Summary:
- The Fall/Winter 2026-2027 collection explores childhood energy and contradictions between aggression and tenderness
- DIY aesthetics combine plastic artillery with flowers, while removable elements allow customization
- British wool meets technical fabrics as the collection addresses how young people face today's conflicts
Belgian designer Walter Van Beirendonck presented his Fall/Winter 2026-2027 collection, titled SCARE the CROW / SCARECROW, during Paris Fashion Week. The collection draws from Art Brut, an artistic movement centered on work created outside traditional academic training.
The show began with a motorcycle adorned with flowers and guns, wrapped in yellow protective sheets similar to those used to preserve sculptures and valued objects. These covers became fabrics in the collection, creating shapes as bodies moved beneath them. Van Beirendonck uses this concept to explore how young people today navigate conflicting realities.
T-shirts bearing the phrase "HI THERE, ARE YOU FR?" reference internet slang and address how older generations dismiss younger ones. The question "are you for real" speaks to authenticity in an age of digital communication and skepticism.
Plastic artillery pieces appear throughout the collection, handmade with a DIY aesthetic and paired with floral elements. This visual tension reflects what young people confront in their daily lives. The contrast between weapons and flowers recurs across multiple pieces, creating a dialogue about violence and beauty.
Knitwear pieces take inspiration from war carpets, textiles that document conflicts and serve as historical records. These garments act as memory keepers, holding stories that need preservation. Van Beirendonck treats clothing as a form of documentation, recording the present moment for future understanding.

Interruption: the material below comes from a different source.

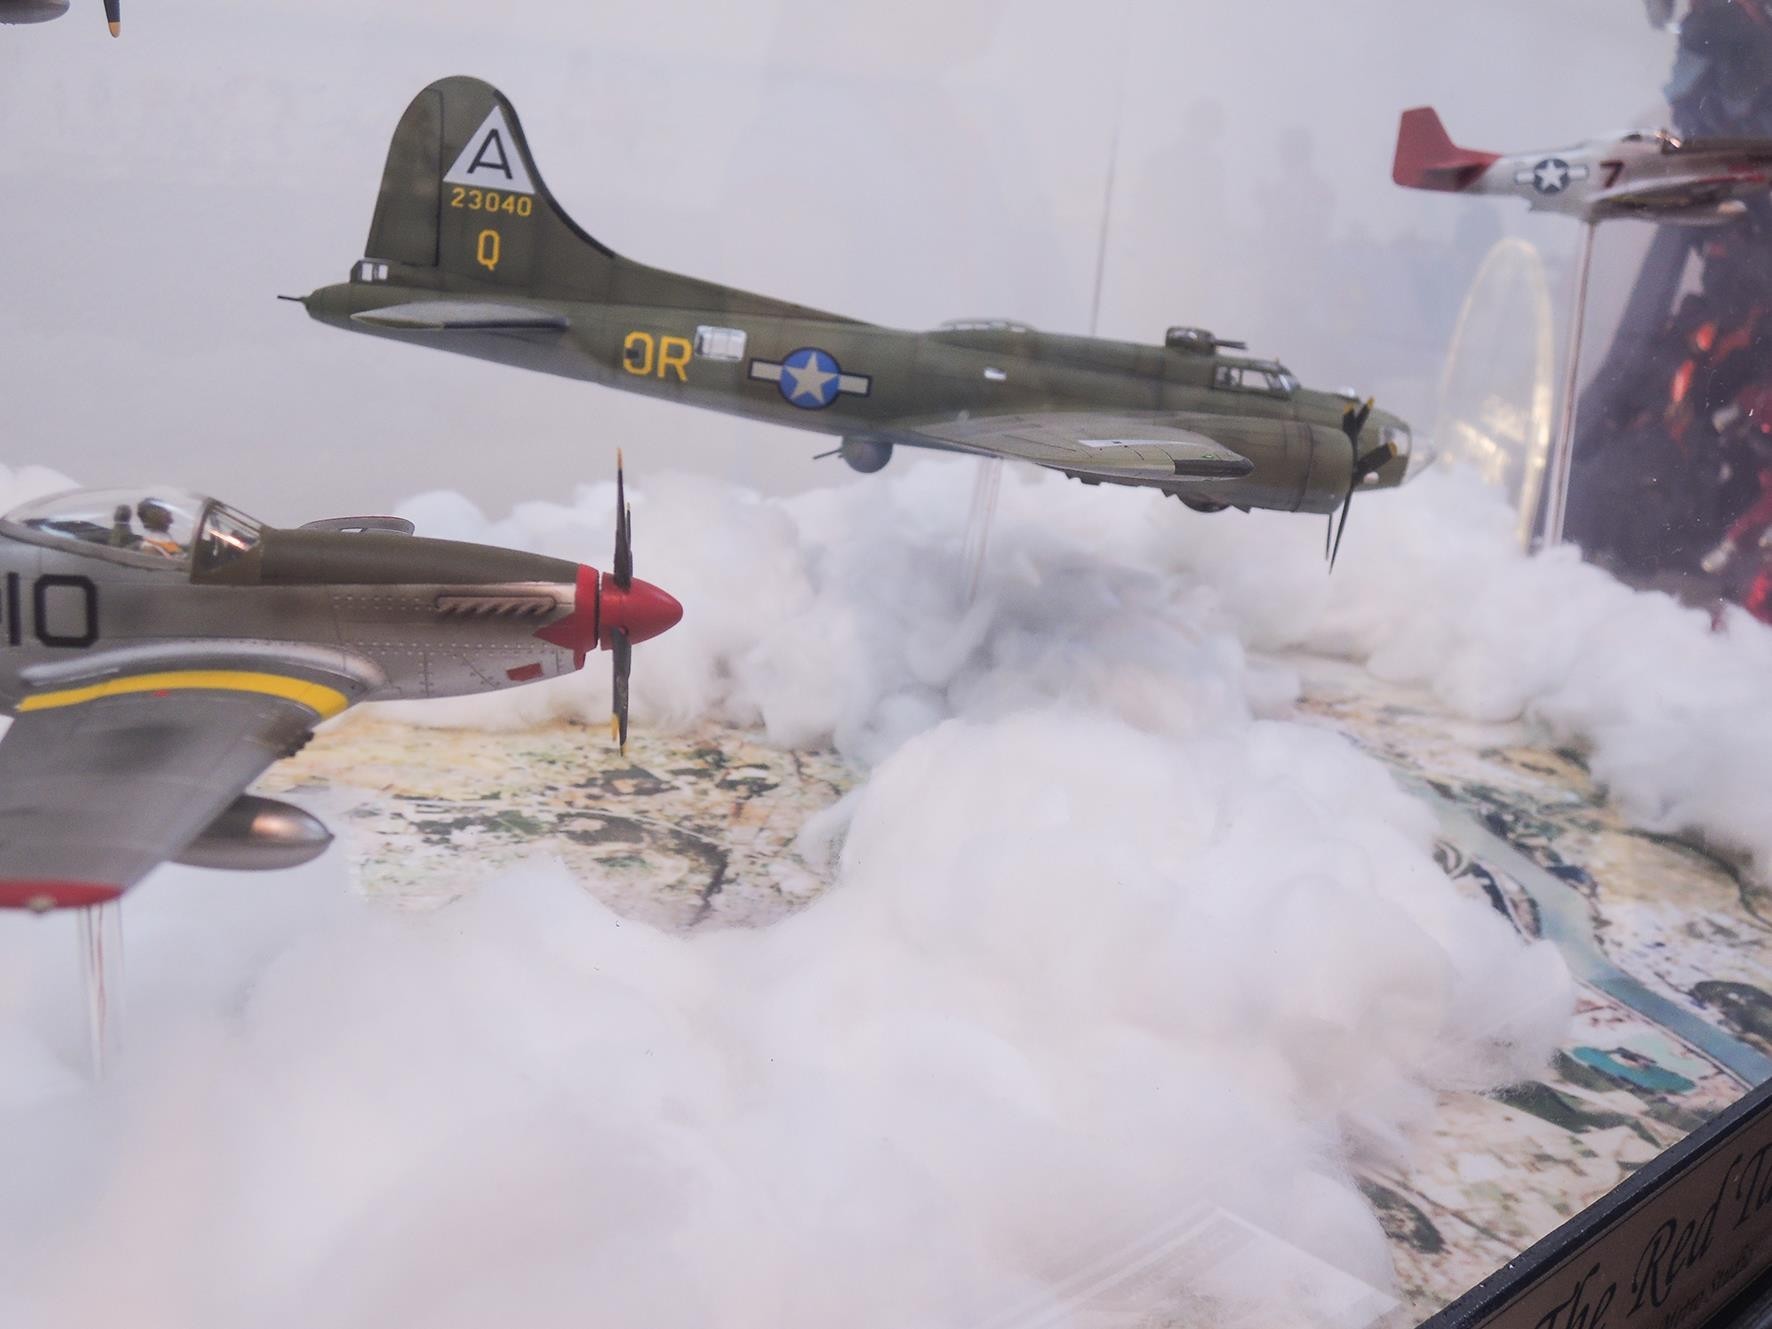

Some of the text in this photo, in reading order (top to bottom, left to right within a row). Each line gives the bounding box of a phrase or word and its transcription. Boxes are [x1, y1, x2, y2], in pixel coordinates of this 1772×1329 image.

The collection combines British wool with nylon and plastic materials. Traditional tailoring techniques meet technical fabrics, creating pieces that bridge heritage and contemporary production methods. This material choice reflects the designer's interest in merging established practices with modern innovations.
Colors play a deliberate role in the collection. Bright hues draw attention while maintaining purpose rather than decoration. Van Beirendonck selected shades that enhance the collection's themes without overwhelming the message.
Eastpak has collaborated with Walter Van Beirendonck for Fall, inviting the visionary designer to create a new series of bags that includes his iconic “monster,” reimagined with detachable, fully functional parts. The collaboration marks a return to a longstanding creative relationship, coming 25 years after Van Beirendonck first teamed up with the lifestyle brand as the very first designer Eastpak ever worked with.
Removable elements give wearers control over their garments. Belts, sleeves, three-dimensional birds, guns, and blooms detach and reattach. Wearers rearrange these components to create new combinations, keeping the clothing in a state of transformation. This modular approach mirrors how young people adapt to changing circumstances.
The collection channels childlike creativity, the unfiltered thinking that produces drawings, words, and objects without self-censorship. Van Beirendonck translates this directness into his design process, treating clothes as vessels for expression.
French artist André Robillard influenced the collection significantly. Robillard creates guns from scrap materials, transforming discarded objects into art. Van Beirendonck adopts this approach, making weapons from unconventional materials to comment on the world's current state.
Young people face conflict regardless of their awareness or understanding. The collection acknowledges this reality without offering solutions. Instead, Van Beirendonck documents the experience of growing up during uncertain times.
The tension between aggression and tenderness defines the collection. Soft materials appear next to hard ones. Flowers grow alongside weapons. This duality reflects how youth must hold opposing ideas simultaneously, processing information about beauty and destruction at once.
SCARE the CROW / SCARECROW examines what it means to be young when the world presents constant contradiction. Van Beirendonck creates clothing that acknowledges this complexity without simplifying or resolving it.